With a new year comes a fresh start, and the chance to learn from past mistakes. As his first term in office winds to a close, here are some changes for 2012 that we suggest President Obama check off his list.
Get the unemployment rate down to 8 percent: Analysts often reference this factoid: No president since FDR has won re-election with unemployment above 7.2 percent. But don't panic, Mr. President. These are unique times. Heck, when unemployment dropped to 8.6 percent in November (partially on the strength of the roughly 315,000 people who had given up looking for work), it was celebrated as promising news! That said, you did tell 60 Minutes' Steve Kroft that the rate could fall to 8 percent by Election Day, a number that could possibly boost your re-election chances.
Plan ahead for your next speech before the Congressional Black Caucus: We know that you like to put a little stank in it when speaking before African-American audiences, as evidenced by the improvised remarks at the end of your speech at the CBC's annual awards dinner. "Take off your bedroom slippers, put on your marching shoes," you passionately told the crowd last September. "Stop complaining, stop grumbling, stop crying. We are going to press on." We don't need to remind you of the subsequent backlash. This year? Stick to the script.
Fix the rest of the kinks in the housing loan-modification plan: We know that you know about the problems with your Home Affordable Modification Program, launched in 2009 to help distressed families keep their homes. The administration has repeatedly tweaked the program — adding mortgage-payment forbearance for unemployed homeowners and support for state housing agencies instead of relying on banks to cooperate. Yet only 883,076 permanent loan modifications — a far cry from the anticipated 3 million to 4 million — have occurred under HAMP. Let 2012 be the year that you work out the kinks and get banks and lenders to do a much better job.
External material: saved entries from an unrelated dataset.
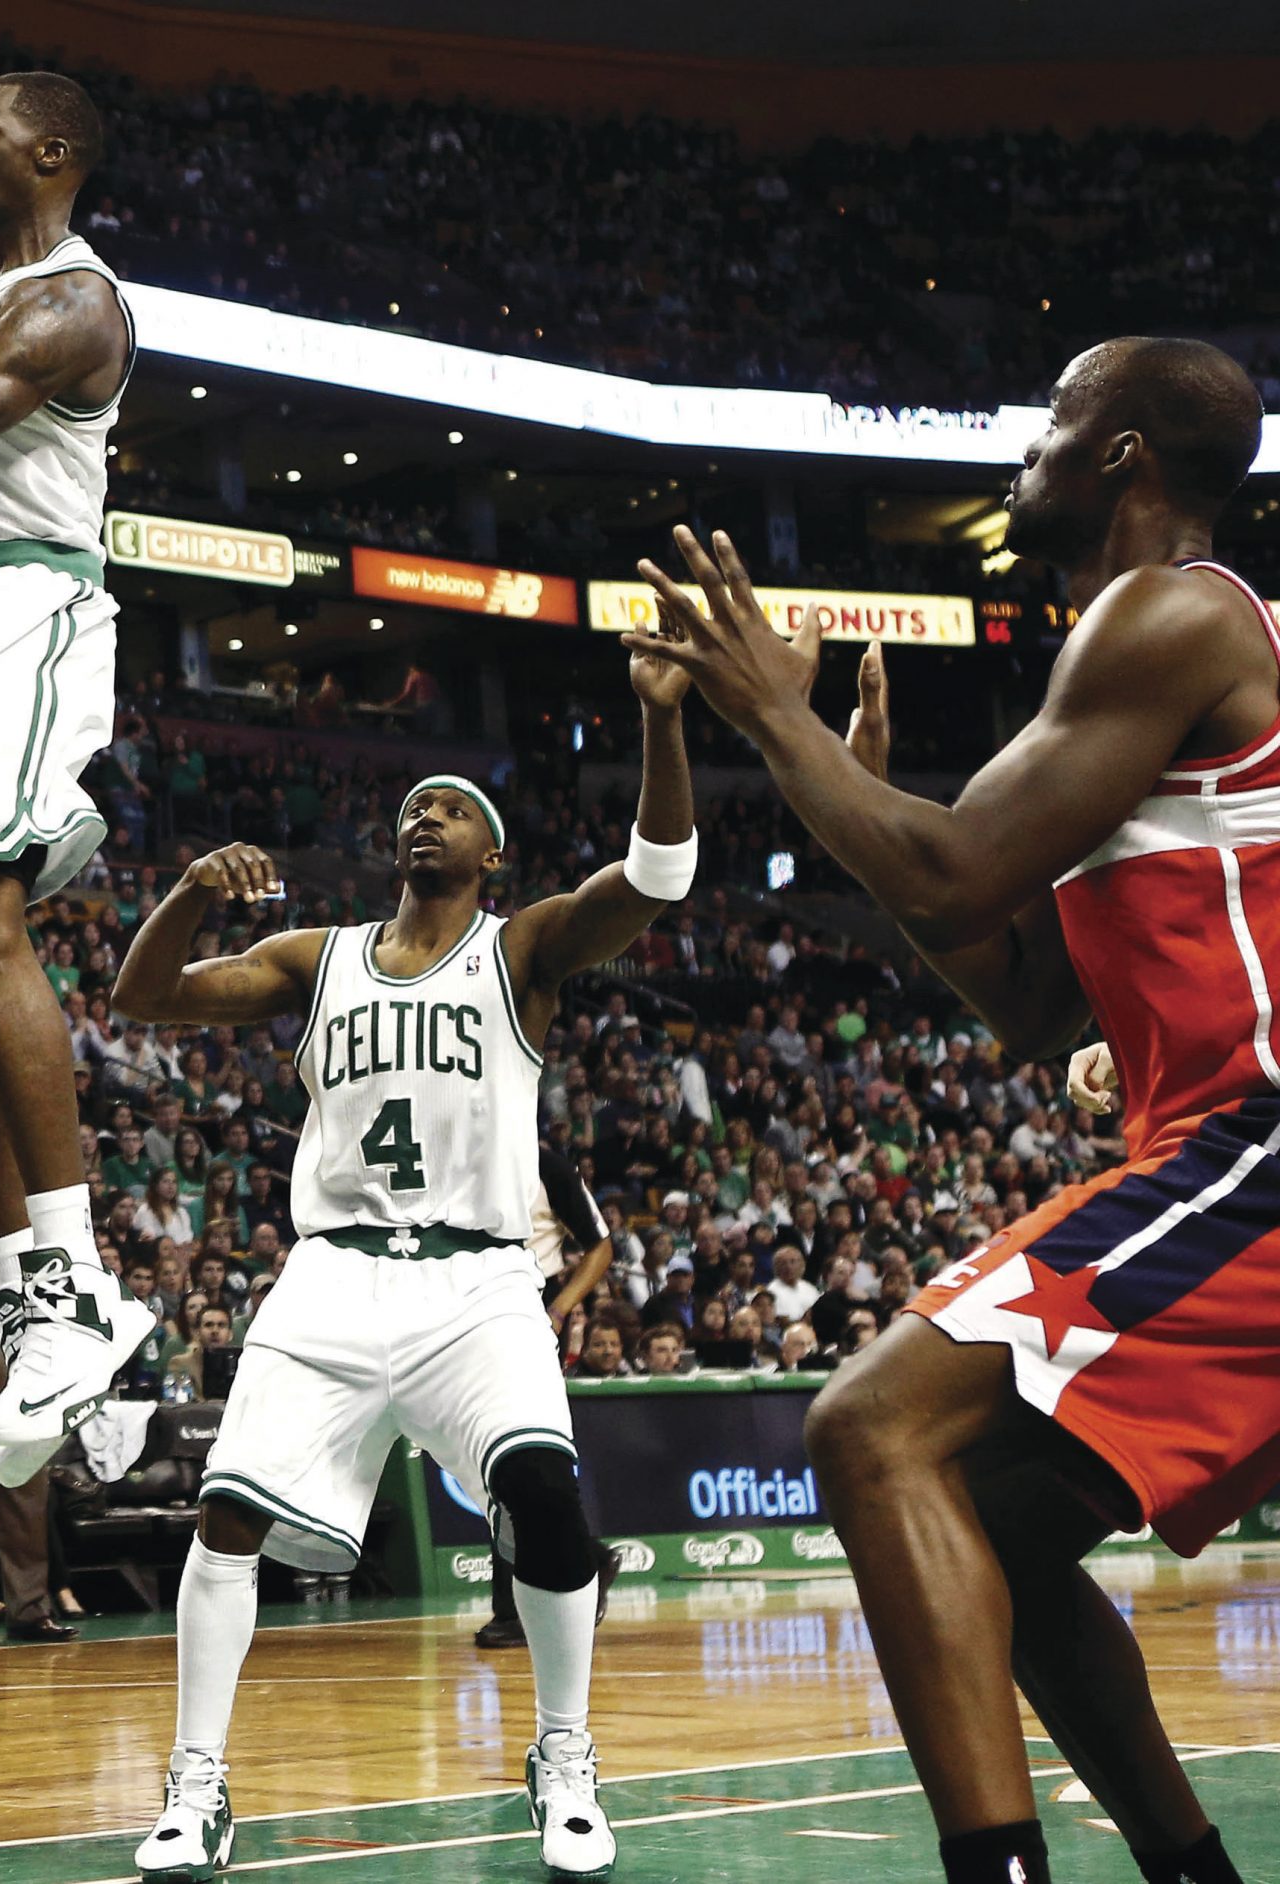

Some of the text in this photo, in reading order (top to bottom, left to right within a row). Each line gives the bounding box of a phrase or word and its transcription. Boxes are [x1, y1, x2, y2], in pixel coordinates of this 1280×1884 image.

[149, 529, 285, 574] CHIPOTLE
[387, 567, 421, 588] new
[422, 570, 486, 599] balance
[787, 604, 928, 636] DONUTS
[322, 1000, 483, 1091] CELTICS
[359, 1097, 428, 1192] 4
[688, 1466, 818, 1519] Official
Let the Bush tax cuts expire (for real this time): The compromise tax bill that you signed in December 2010 yielded some good things, including an extension of unemployment insurance and a payroll-tax cut for working families. But all anybody ever talks about is your two-year extension of Bush-era tax cuts for the wealthiest Americans and corporations, which broke a promise. "I refuse to renew them again," you vowed in April. This year, let's keep to it.
Don't be bullied by conspiracy theorists: Remember back in April when you requested that the Hawaii State Department of Health release your long-form birth certificate to prove to extreme "Birthers" that you were, in fact, born in the United States? Yeah, don't do stuff like that in 2012, please.
Keep your word on Guantánamo Bay: Two days after taking office, you signed an executive order to close down the Guantánamo Bay detention center by Jan. 22, 2010. With this goal marred by problems finding other places to house the approximately 240 prisoners held there and resistance from Congress, which refused to fund the effort, Gitmo remains open for business. Still, in 2011 your administration said it "remains committed" (pdf) to keeping your promise, just within a longer time frame. Maybe this is the year to check that off your list?
End mandatory minimums in federal drug sentencing: Your administration has strongly pushed for a new drug-fighting approach, encouraging state officials to focus more on prevention and treatment than on mass incarceration. On the other hand, federal prosecutions for drug-related offenses haven't changed much, and mandatory minimums still apply to federal drug sentencing — two areas to work on that would truly usher in a shift in the war on drugs.
Get tougher on the do-nothing Congress: We know you've tried to lead compromise talks between Republicans and Democrats, and you've admonished lawmakers for failing to reach consensus. Repeatedly. But when the government is under the threat of shutting down twice a year like clockwork, there's got to be some way to put a stop to the brinkmanship. We're not saying we have the solution, but in 2012, it would be great if you could work on figuring that out.
Continue to improve your communications game: Reflecting on the long slog to get health care and financial regulatory reform passed, in 2010 you admitted that you'd done less than a bang-up job on communications. "Leadership … is a matter of setting a tone," you said on 60 Minutes. "And making an argument that people can understand." We've noticed a change in tone, from your "We Can't Wait" initiative to do what you can without Congress, to accessible policy reports listing your accomplishments and straightforward appeals to the American public. Keep building and working on this. As you said yourself, leadership isn't just legislation.
Make us happy: We'd be remiss if we didn't push for that not completely realistic, overly ambitious resolution that we all set with the promise of a fresh start. In that spirit, make this the year you hit that political sweet spot where you're not assailed on both sides of the aisle for being either a radical left-wing socialist or a "black mascot of the Wall Street oligarchs." (And while you're at it, solve the riddle of the pyramids, too.)